Royalty Distributions ‘Hit Dramatically’ for April-June Quarter, APRA Warns

Royalty payments to creators across Australia have been “hit dramatically” due to the health crisis, and will contract by double-digits, APRA has warned.

COVID-19 and the current recession will impact distributions for the April-June quarter, which will be reflected in the November royalty payment, the PRO confirms in a statement. Though digital continued to grow, taking some of the brunt, the royalty payment due in mid-November will be down 11% compared to the same quarter last year.

APRA makes quarterly royalty distributions each year from its domestic license fees.

The pandemic and its aftershocks have been felt across APRA’s activities. The organization has let go almost 20% of its staff in the quarter, which frees-up the burden of salaries, the largest part of its expenses.

In a breakdown of its revenue streams, APRA noted:
– Digital (including Spotify, YouTube, Facebook and Netflix). Net distributable revenue (NDR) increased by 27% compared to the same quarter last year. Digital makes up just over 50% of the total June quarter royalty distribution.

- Commercial TV. Royalties decreased by 20% compared to the same quarter last year, due largely to several factors: a recently revised commercial TV license scheme, a reduction in TV advertising revenue, and a “large reduction” in revenue from background music, played in retail, hotels, fitness and other venues which were shuttered during the period.

- Subscription TV: Royalty distributions are largely unchanged.

- Commercial Radio: Royalties declined by 57% versus the same quarter last year due to a pullback from advertising revenue and from background music licenses.

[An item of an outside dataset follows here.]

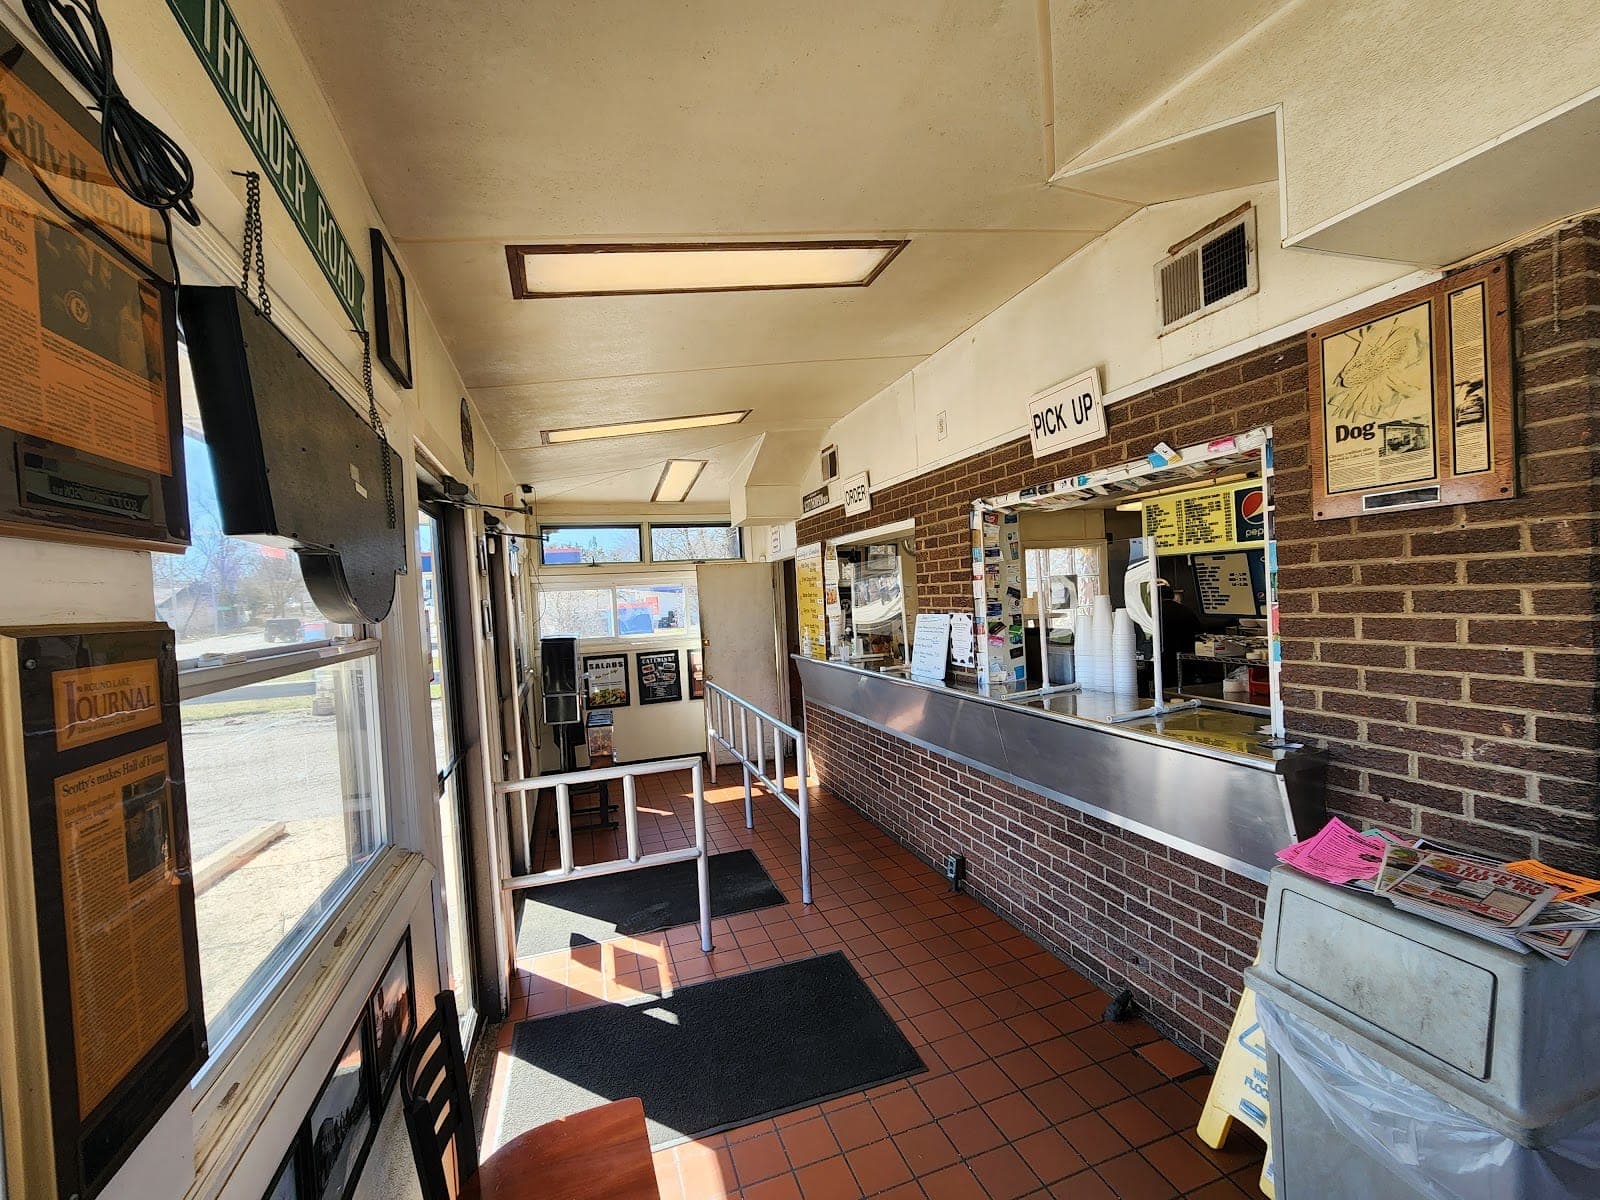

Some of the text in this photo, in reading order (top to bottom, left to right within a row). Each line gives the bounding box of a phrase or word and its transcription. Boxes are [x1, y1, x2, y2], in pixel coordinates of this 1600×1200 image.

- Concerts/Events: A 24% decline in concert royalty payments compared to the same period last year.

- Cinema and Nightclubs: Royalty distribution from cinema reduced by 76% and nightclubs by 82%.

The results aren’t unexpected.

Last month, APRA AMCOS reported a downgraded financial year and a small decline in royalty distributions, due to the effects of COVID-19 and last summer’s bushfire season, with public performance income the hardest hit.

“With restrictions remaining on live music, concerts and touring,” reads a statement issued with publication of its Year In Review, “music royalties are expected to take a more substantial hit in 2020-21.”